FSF legal counsel Eben Moglen, has commented upon what they envisage as the key to the GPL’s success. He acknowledges that the lack of adversarial situations arising in respect of the GPL is in part because the large organisations which use the software are ‘the major players building information technology systems’ who ‘understand the benefits from free software’. From this point of view the apparent force of law of the GPL receives its support not from legal principle or freedom, but from the very fact that major corporations involved in the ITC economy depend upon innovation and production occurring in a networked environment. Large corporations depend upon the existence of the factory without walls and the apparent force of law of the GPL is a result of its instrumentality in this environment.

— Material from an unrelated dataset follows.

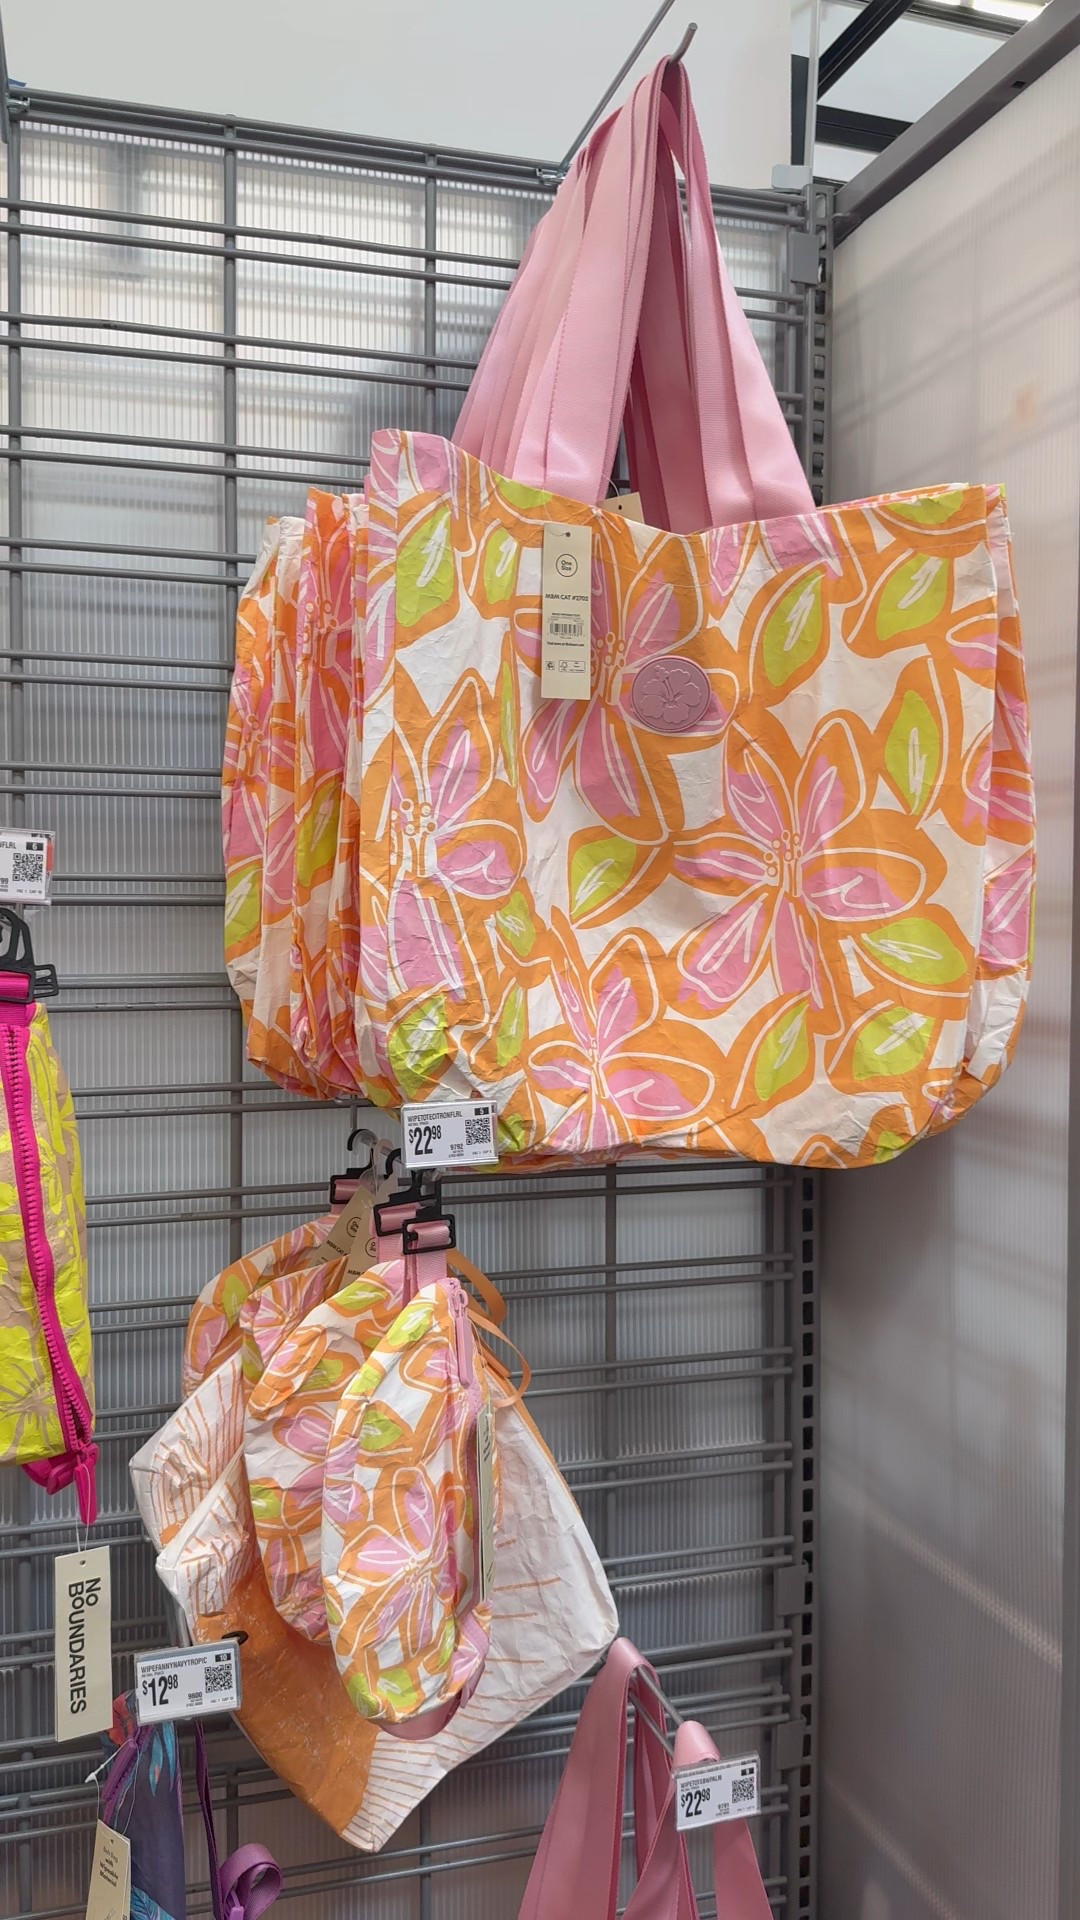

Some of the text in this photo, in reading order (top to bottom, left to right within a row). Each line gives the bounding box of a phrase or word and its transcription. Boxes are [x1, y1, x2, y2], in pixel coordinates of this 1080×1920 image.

[85, 1577, 101, 1607] NO
[68, 1581, 87, 1714] BOUNDARIES
[141, 1656, 208, 1673] WIPEFANNYNAVYTROPIC

The dependence of major corporations upon external innovation coincides with the embedding of FLOSS within environments of administration and governance. Moglen quite openly admits the desirability of embedding FLOSS within the global machine of administration as key to its long term success. ‘ ... Let me put it in the shortest possible way. Five years from now there’s going to be not a government on earth that isn’t using our stuff. There won’t be a court system on earth that won’t be using our stuff. Every judge will be aware of the fact that if the system breaks, his computer breaks. All I have to do is stand off until then.’

Being a part of the machine of governance, being embedded, and industry dependence, are the factors that shall ensure the GPL’s ‘success’. In embedding the licence and FLOSS these U.S. legal principles and notions of freedom are seeping through through the wires of the global ITC infrastructure. In turn they become global principles which appear to have the force of law. Embedding the technology and the legal literary device is the key to this force of law – as the system works, and becomes constructive of the global system, force of law self-executes.

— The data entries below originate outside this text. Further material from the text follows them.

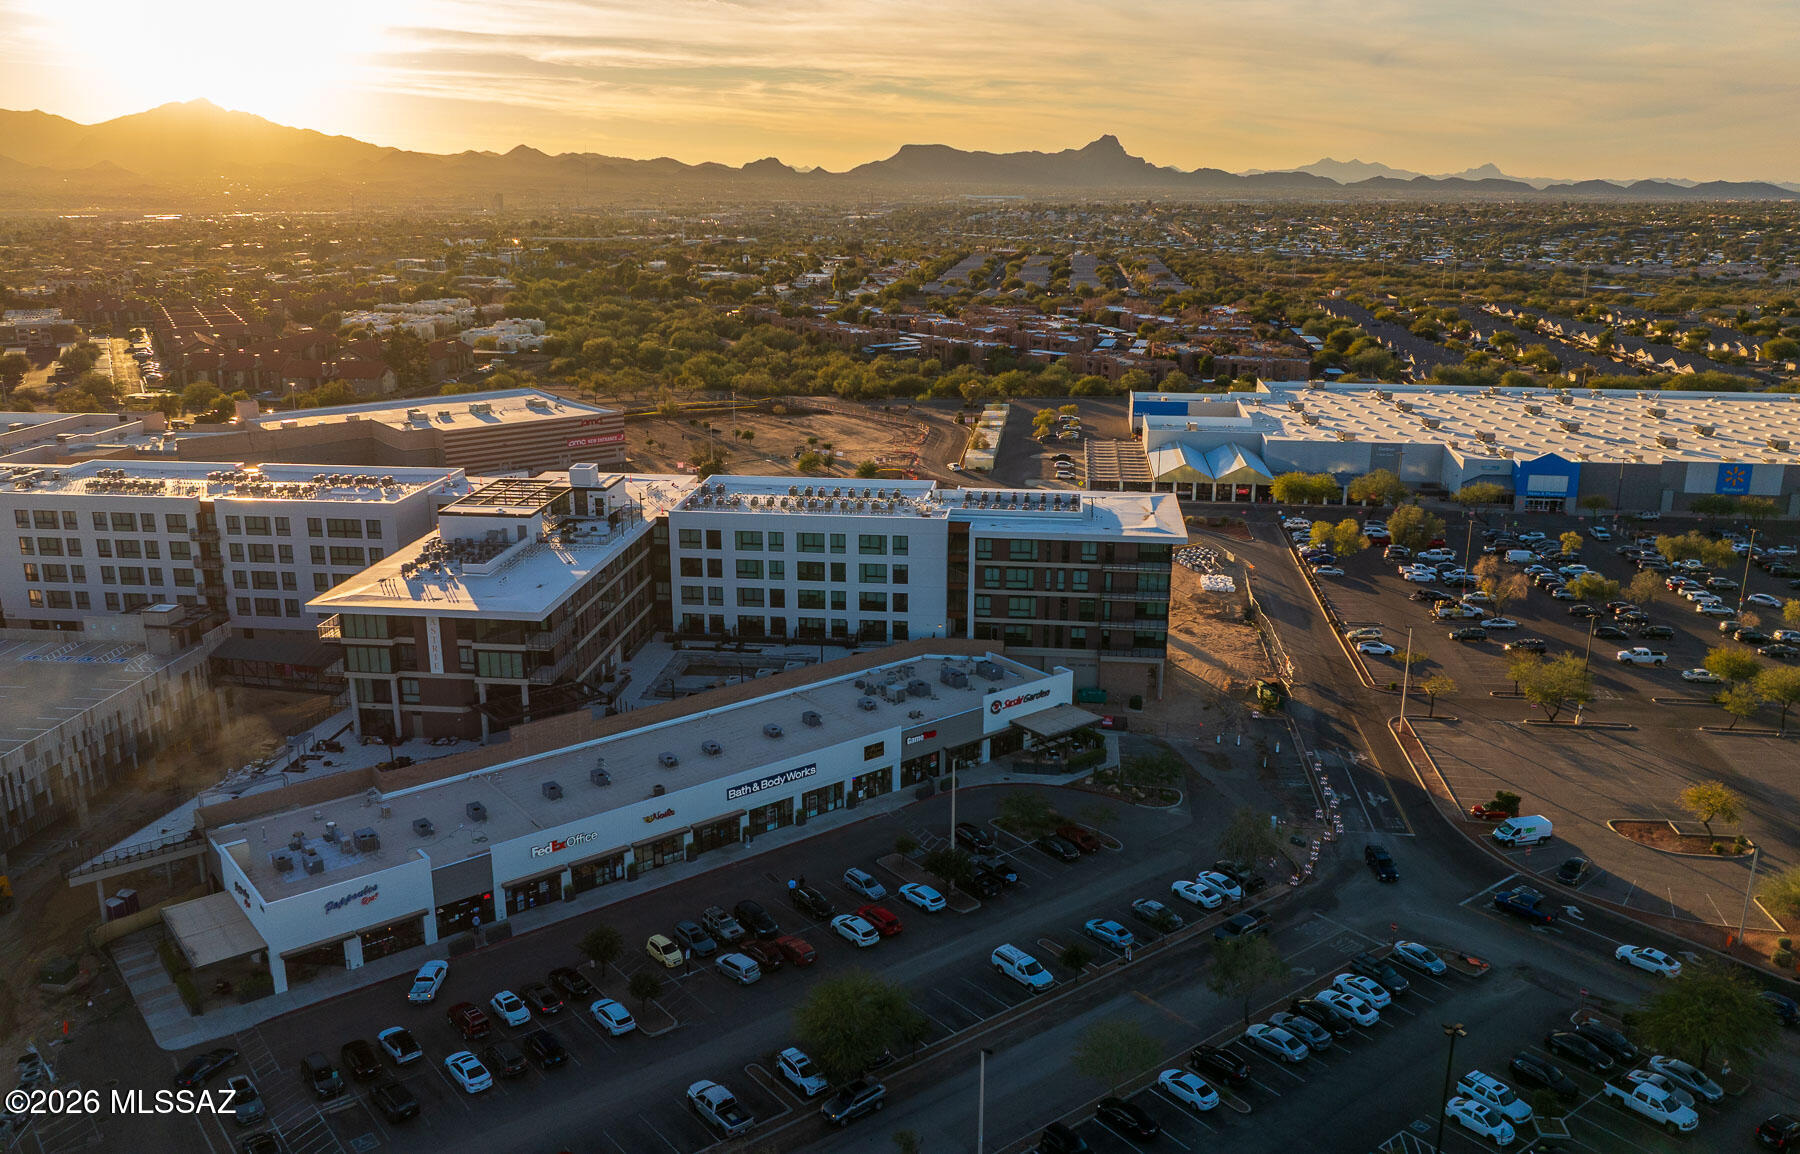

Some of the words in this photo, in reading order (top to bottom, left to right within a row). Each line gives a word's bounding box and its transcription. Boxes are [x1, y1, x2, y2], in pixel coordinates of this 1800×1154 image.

[568, 439, 587, 447] amc
[1023, 689, 1051, 703] Garden
[906, 730, 937, 745] Game
[728, 785, 751, 799] Bath
[752, 783, 760, 792] &
[761, 775, 786, 789] Body
[786, 766, 816, 781] Works
[531, 840, 567, 858] FedEx
[566, 831, 598, 847] Office

The two strands of the FSF strategy, legal principle and corporate embedding should however still be considered within this genealogy of U.S. Constitutionalism. The ‘freedom of the frontier’ has been submitted to the constitution and has been organised around the ‘kingdom of monetary circulation’. In this America, money has replaced the frontier and has re-organised power around financial capital.19 Freedom of speech (and not as in beer) has become the breeding ground of the kingdom of money – the place where innovation takes place; rather than the threshold of the frontier. Freedom in this context is always capped by property and money. Here is the Hamiltonian concept of freedom in full view: property is essential to survival and the right to property is essential to autonomy.20

In the FSF’s realist rational approach, legal principle takes a back seat, as does any notion of a new world which might have a social vision. With its realism, practicality, compatibility and systematisation, the GPL’s functionality within the global system is central to its success: ‘It is a very straight forward capitalist proposition and it is driven to success, not primarily by our cleverness or ingenuity, but by capitalism’s need referred to in the original Communist Manifesto,to reinvent the mechanisms of its production all the time.’21 LOCATING POSSIBILITY This bifurcated (schizo?) approach of the FSF reflects the imperial method of resorting to universal calls to justice whilst relying upon the state of exception as a tool of universal rule and command. The FSF genuflects to, and invokes the traditions of law and justice in a situation where the imperial machine prefers not to apply law. However at the foot of law’s mountain, fact and law blur, and appear as simply life. This is the site of Galison’s critical opalescence, of Agamben’s state of exception’22 it is the space where K stands below the Castle and prefers not to be entranced by the glitter of law above him.23

FLOSS finds itself within this space. However, rather than seeking any positive possibility within time sharing’s method of production in common, it obscures these processes by its deference to the maniacal glitter of law’s promise. The focus on freedom in FLOSS does not concern, and even denies production and labour. It is this denial that blocks us from increasing our power in the face of the spectacle. Richard Stallman has recently written that the FSF is ‘ ... more concerned with the use of software than with its development for a specific practical reason: the use of software ... affects our freedom, whereas its development does not. Therefore, the details of the social system of use of software are directly important to us, in the way that the system of development isn’t’.24 This position is reflected by Lessig’s view that ‘how a resource is produced says nothing about how access to that resource is granted. Production is different from consumption’.25

This approach is directly at odds with the idea of the common, and of new forms of language and value produced within the circuits of immaterial labour. This factor, along with valorisation, opens up a reading of the genealogy of FLOSS as not one of a commons, but of privatisation. In the prehistory of FLOSS during the 1950’s, AT&T and IBM relinquished the right to exclude in relation to their factories of patents and technical information. The knowledge of these quasi-public corporations was privatised in a micro-shift of antitrust settings. This shift coincided with a situation after the Second World War which required collaboration between corporations in order to construct a global ITC infrastructure. Thirty years on, when that infrastructure was well on its way to being up and running, it was not the corporation that relinquished the right to exclude, but the individual outside of the corporation. This relinquishing of a right to exclude or control the fruits of one’s own labour, or the labour that produces in common with others, has been portrayed as freedom.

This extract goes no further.